▸ **What is expected**:
In your copy of the data, omit the pictures and keep all else exactly as given.

********

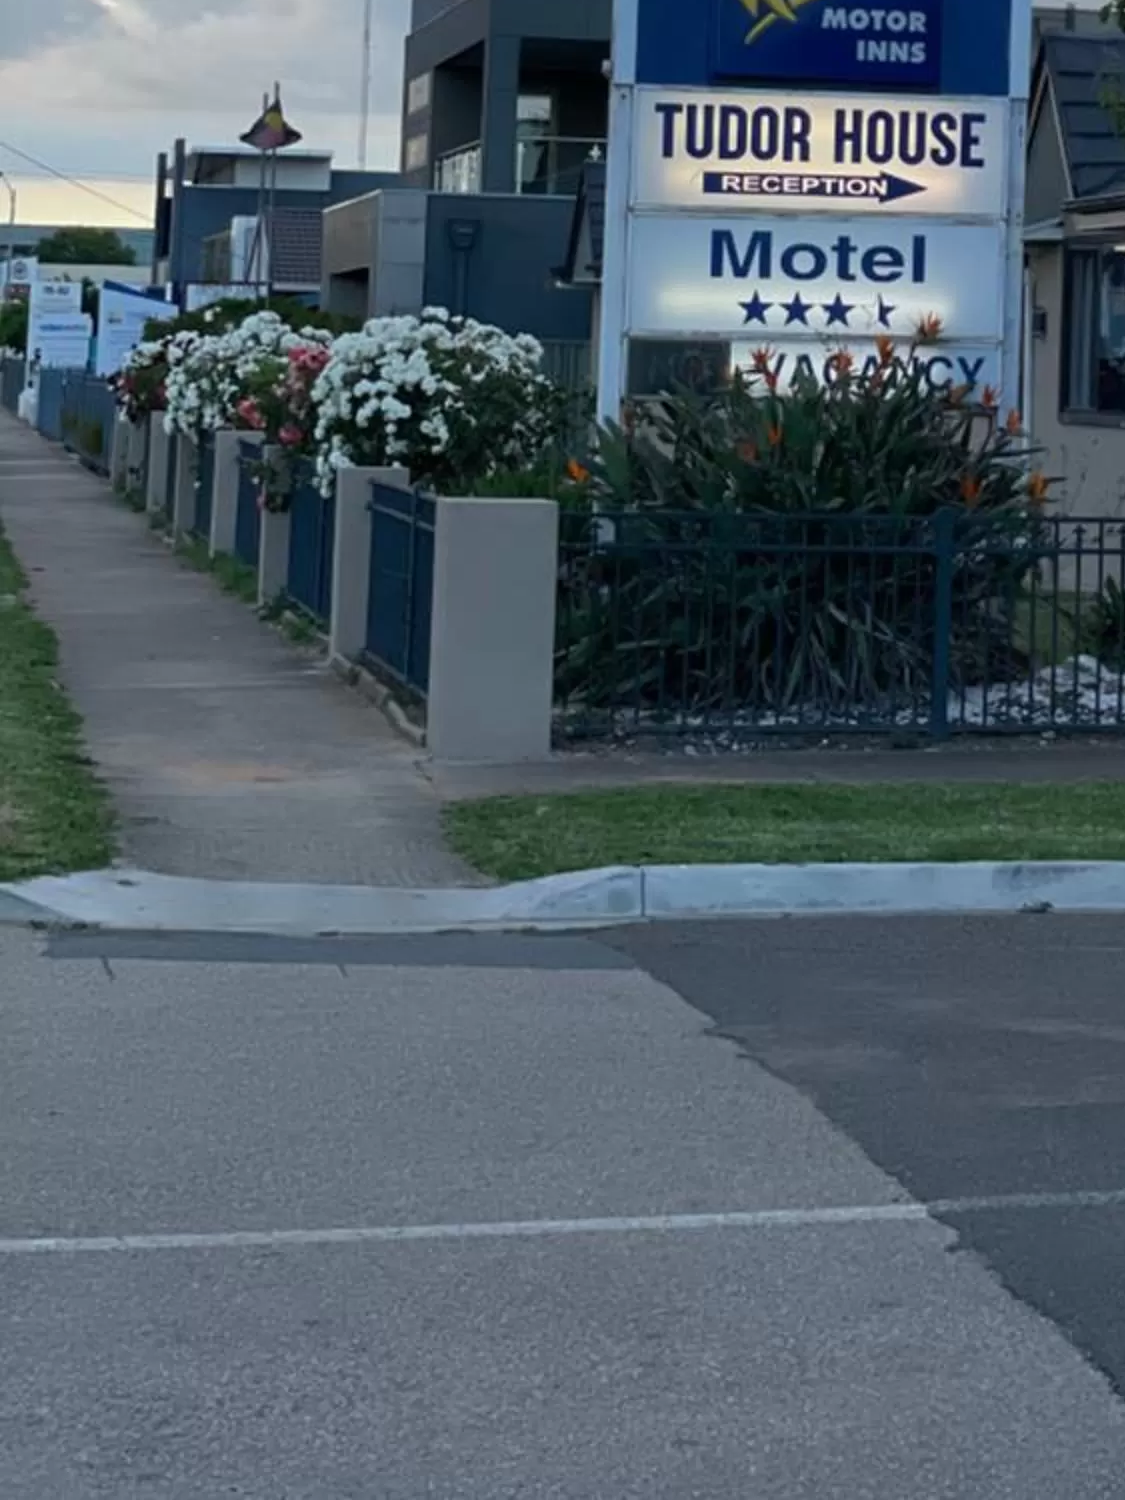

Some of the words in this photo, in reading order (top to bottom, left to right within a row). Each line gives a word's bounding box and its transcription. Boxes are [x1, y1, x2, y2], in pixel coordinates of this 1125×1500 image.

[821, 8, 926, 32] MOTOR
[856, 40, 926, 63] INNS
[655, 102, 812, 163] TUDOR
[834, 109, 986, 168] HOUSE
[721, 175, 888, 195] RECEPTION
[710, 229, 926, 283] Motel

********

▸ **Answer to this exercise**:
Some of the words in this photo, in reading order (top to bottom, left to right within a row). Each line gives a word's bounding box and its transcription. Boxes are [x1, y1, x2, y2], in pixel coordinates of this 1125×1500 image.

[821, 8, 926, 32] MOTOR
[856, 40, 926, 63] INNS
[655, 102, 812, 163] TUDOR
[834, 109, 986, 168] HOUSE
[721, 175, 888, 195] RECEPTION
[710, 229, 926, 283] Motel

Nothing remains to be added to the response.